Data in this exercise:
★ ★ ★ ★ ★
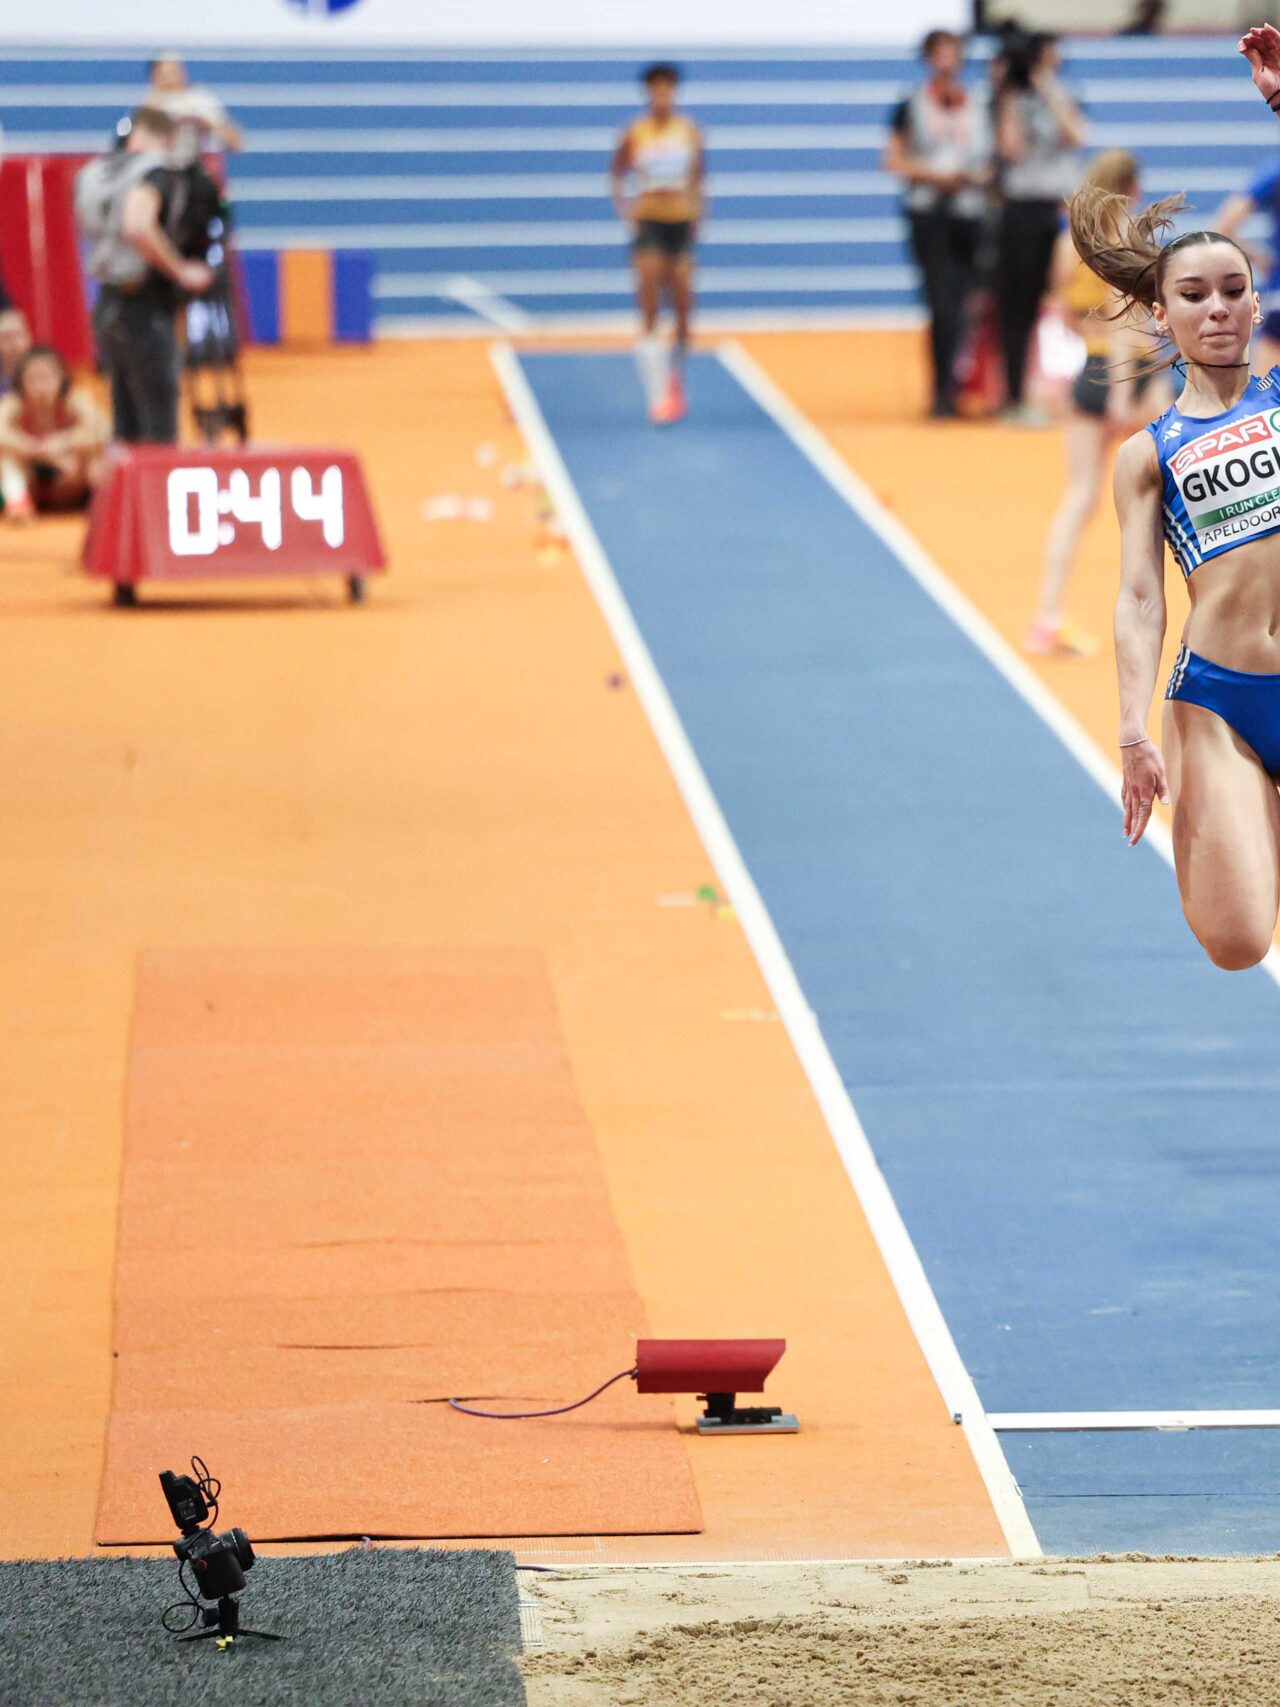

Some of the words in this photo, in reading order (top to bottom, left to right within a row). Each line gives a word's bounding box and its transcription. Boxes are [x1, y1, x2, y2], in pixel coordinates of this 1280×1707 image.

[1175, 420, 1269, 472] SPAR
[166, 464, 345, 556] 0:44
[1219, 509, 1225, 519] I
[1225, 498, 1254, 517] RUN
★ ★ ★ ★ ★
What you will do:
The result should be an exact retyped version of all the entries above, containing no pictures.

Expected output:
Some of the words in this photo, in reading order (top to bottom, left to right within a row). Each line gives a word's bounding box and its transcription. Boxes are [x1, y1, x2, y2], in pixel coordinates of this 1280×1707 image.

[1175, 420, 1269, 472] SPAR
[166, 464, 345, 556] 0:44
[1219, 509, 1225, 519] I
[1225, 498, 1254, 517] RUN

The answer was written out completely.